#### Data to examine

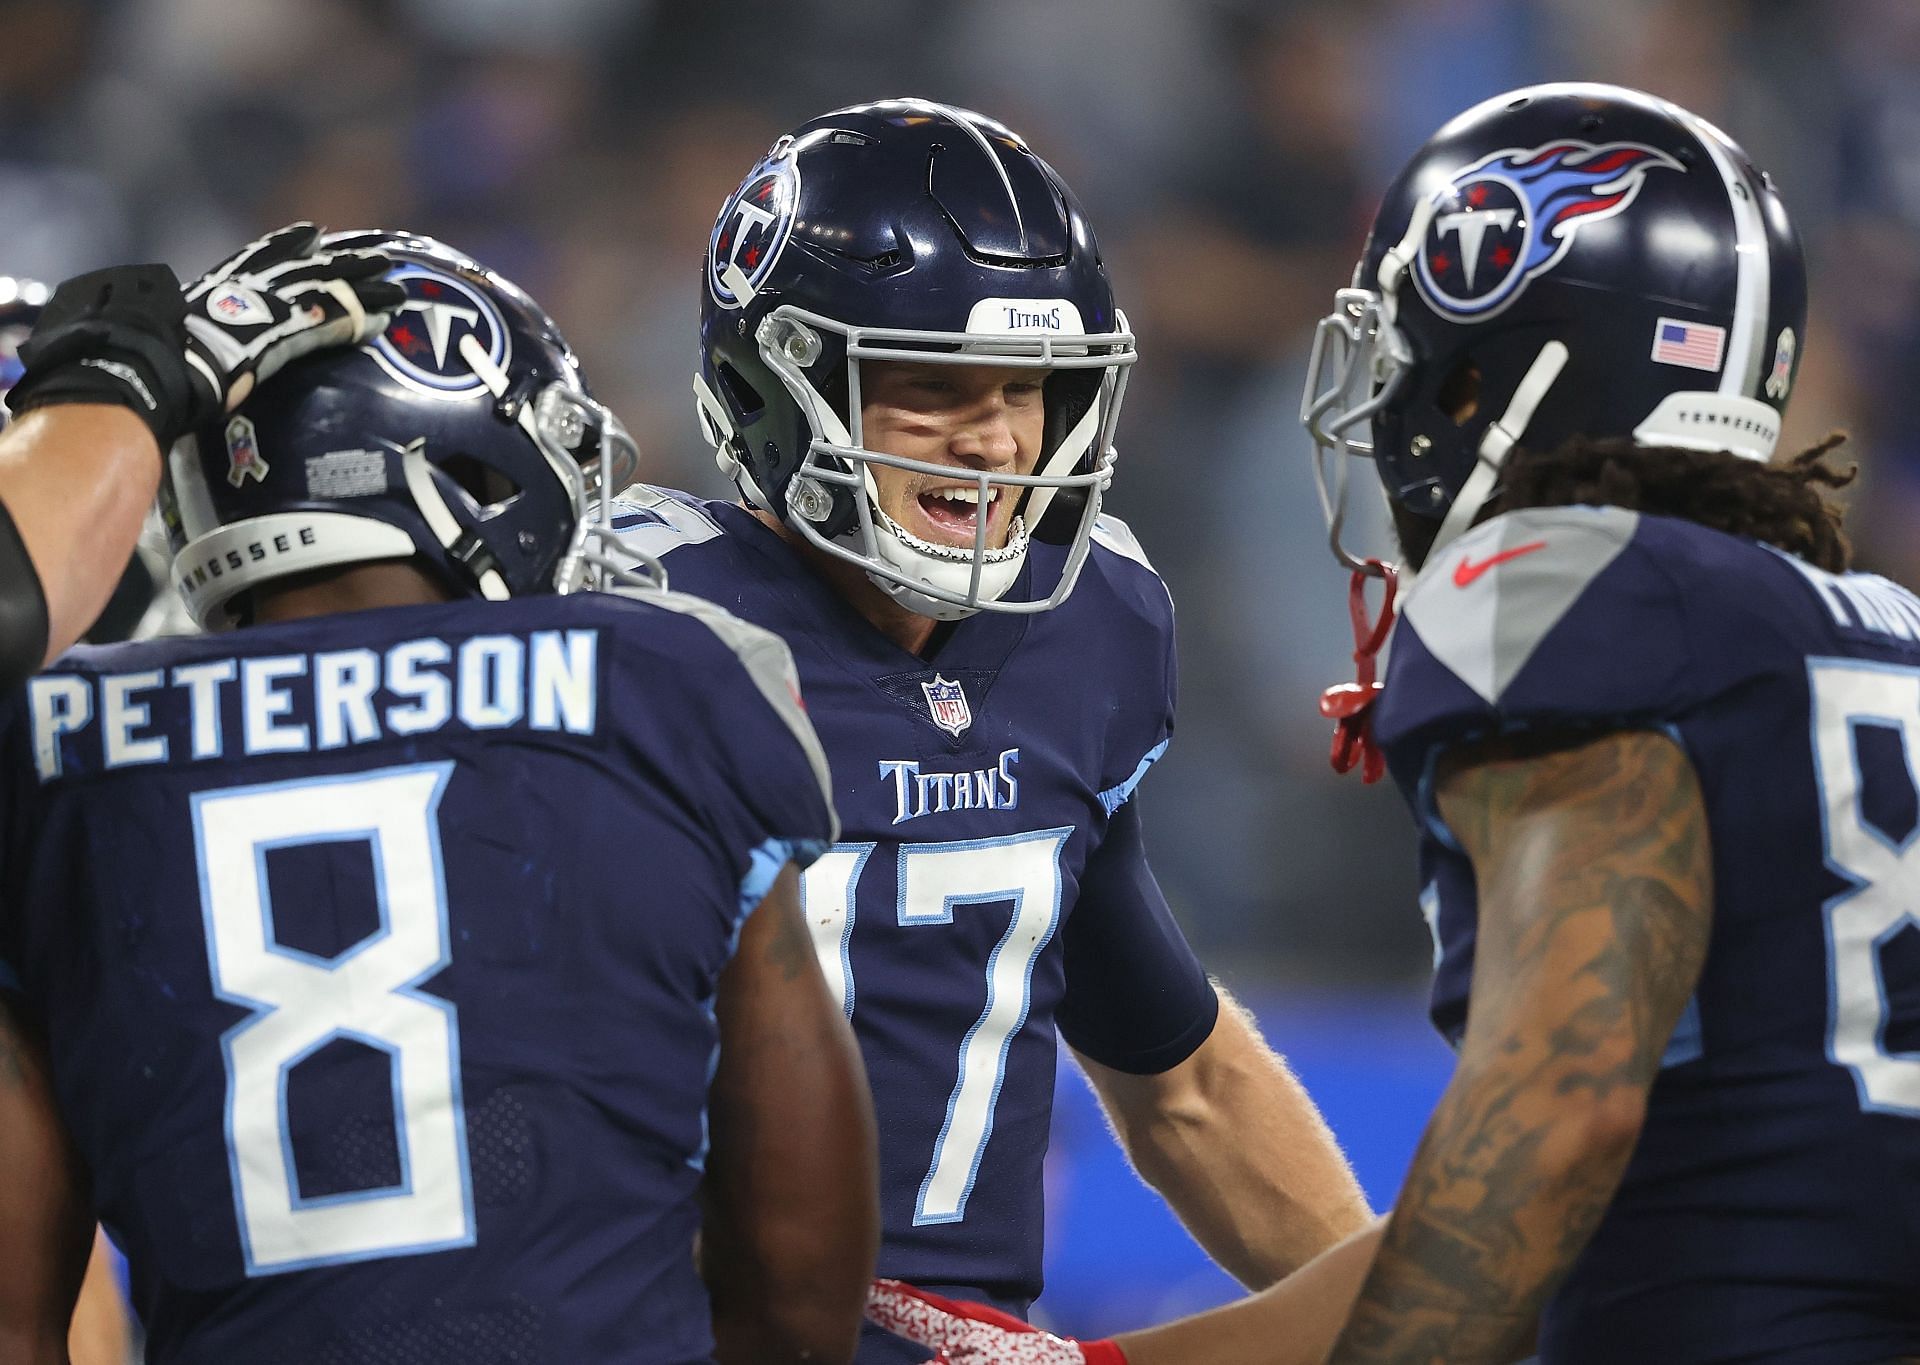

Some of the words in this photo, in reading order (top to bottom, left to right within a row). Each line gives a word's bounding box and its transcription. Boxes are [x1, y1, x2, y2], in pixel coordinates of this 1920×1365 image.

[1434, 207, 1518, 292] T
[179, 527, 316, 593] NNESSEE
[27, 630, 598, 780] PETERSON
[935, 701, 967, 724] NFL
[190, 761, 476, 1278] 8

########

## Your assignment
Without including any pictures, reproduce the data exactly.

## Output of the exercise
Some of the words in this photo, in reading order (top to bottom, left to right within a row). Each line gives a word's bounding box and its transcription. Boxes are [x1, y1, x2, y2], in pixel coordinates of this 1920×1365 image.

[1434, 207, 1518, 292] T
[179, 527, 316, 593] NNESSEE
[27, 630, 598, 780] PETERSON
[935, 701, 967, 724] NFL
[190, 761, 476, 1278] 8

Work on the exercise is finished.